Rand Slips to Almost 5 1/2-Month Low on Egypt Crisis, Inflation

Feb. 11 (Bloomberg) -- South Africa’s rand slid to the weakest in almost 5 1/2 months against the dollar, set for a sixth weekly decline, as Egypt’s political crisis intensified and on concern global inflationary pressures are rising.

The rand depreciated as much as 1.2 percent to 7.3490 per dollar, the weakest intraday level since Sept. 1 and bringing its loss for the week to 0.8 percent. The currency traded 0.7 percent down at 7.3120 at 4:15 p.m. in Johannesburg, extending this year’s decline to 9.3 percent, the most among more than 20 emerging markets tracked by Bloomberg.

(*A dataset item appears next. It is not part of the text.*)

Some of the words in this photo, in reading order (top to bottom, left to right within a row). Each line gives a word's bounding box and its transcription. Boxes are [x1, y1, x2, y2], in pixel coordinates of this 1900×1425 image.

Egyptian President Hosni Mubarak defied calls for his immediate resignation late yesterday, agreeing only to delegate powers to his deputy, as thousands crammed into central Cairo demanding an end to his 30-year rule. South African President Jacob Zuma’s State of the Nation speech in Cape Town yesterday had little impact on the market, analysts said.

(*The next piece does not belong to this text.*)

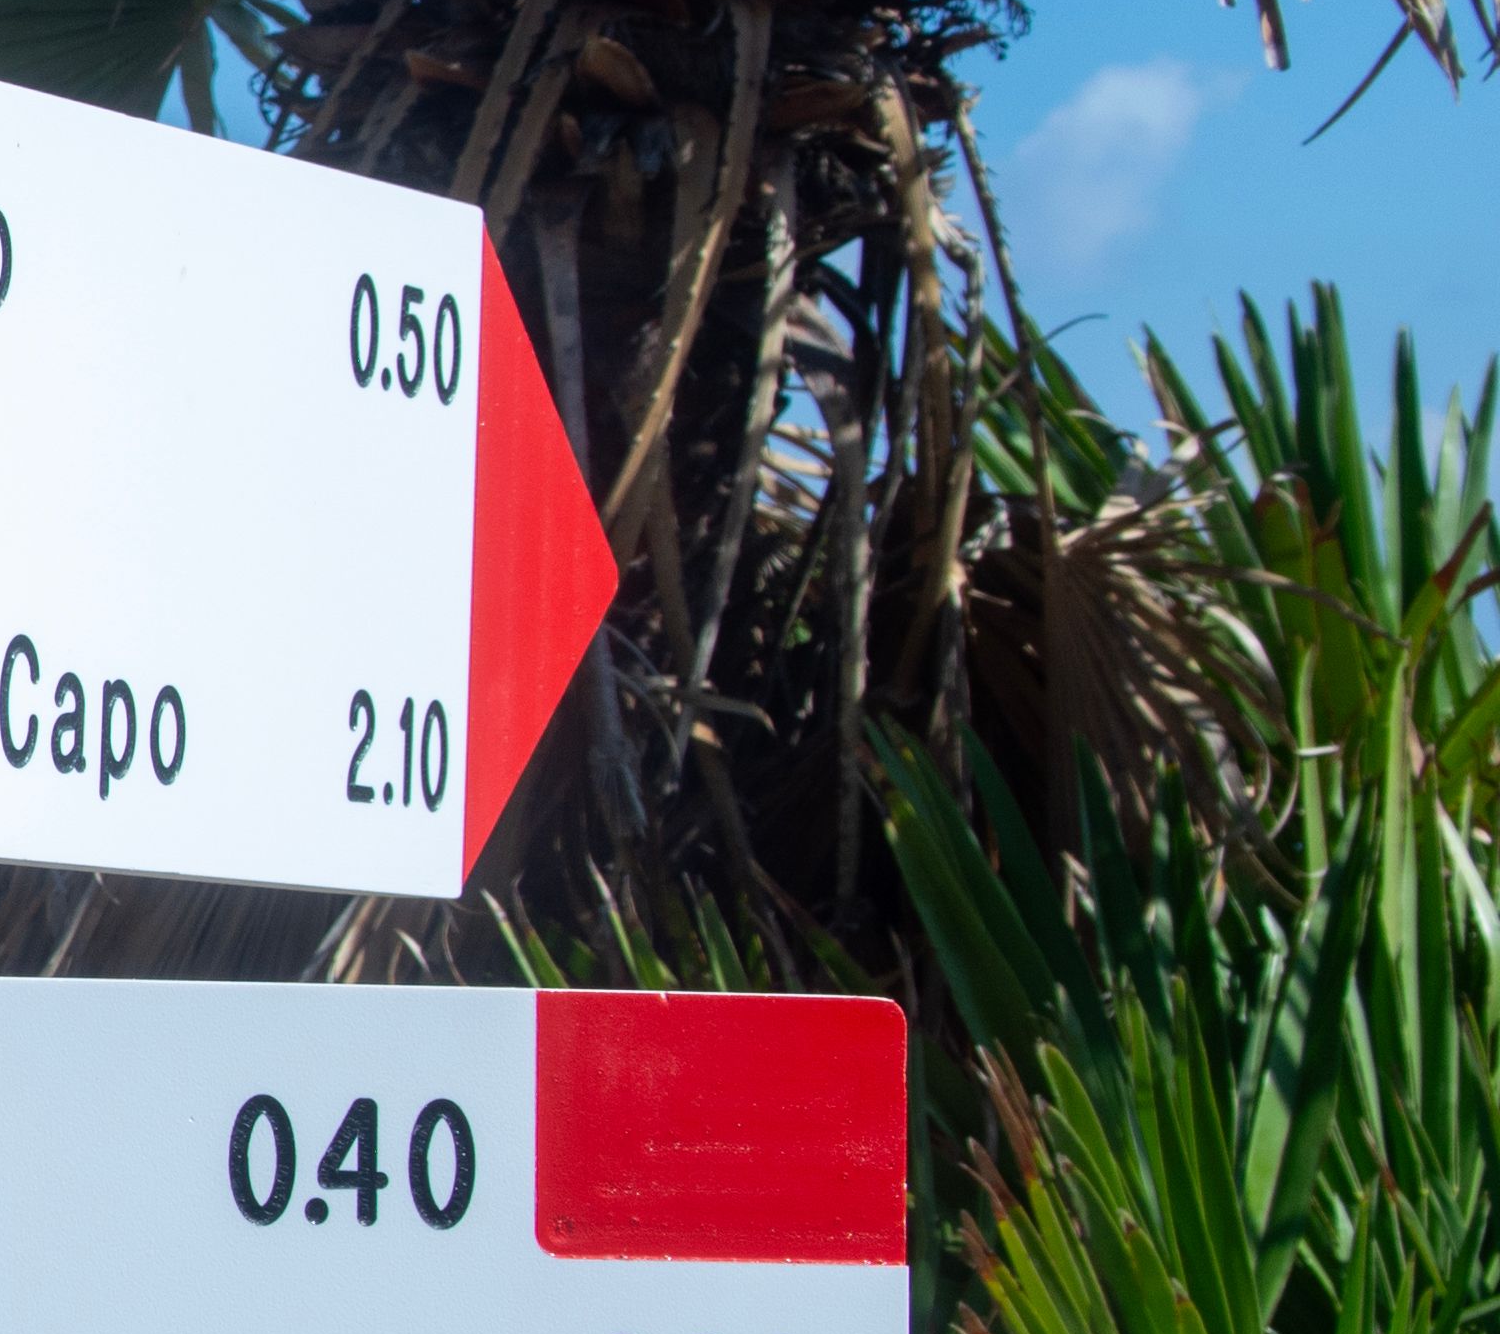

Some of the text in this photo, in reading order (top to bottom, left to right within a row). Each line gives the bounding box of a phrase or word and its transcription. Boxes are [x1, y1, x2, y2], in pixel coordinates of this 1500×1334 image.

“Mounting global inflationary concerns and uncertainty surrounding the geopolitical tensions in Egypt have seen participants scale back on risky assets,” Michael Keenan, a Johannesburg-based currency strategist at Standard Bank Group Ltd., Africa’s biggest lender, wrote in a client note today. “There were no surprises in last night’s State of the Nation address, so we expect the rand to keep tracking international sentiment.”

Stocks fell from Asia to Europe after Egyptian President Mubarak’s refusal to step down following two weeks of protests hurt investor appetite for higher-yielding assets. Oil prices rose on concern the turmoil in Egypt will destabilize the Middle East, adding to concerns global inflation will rise.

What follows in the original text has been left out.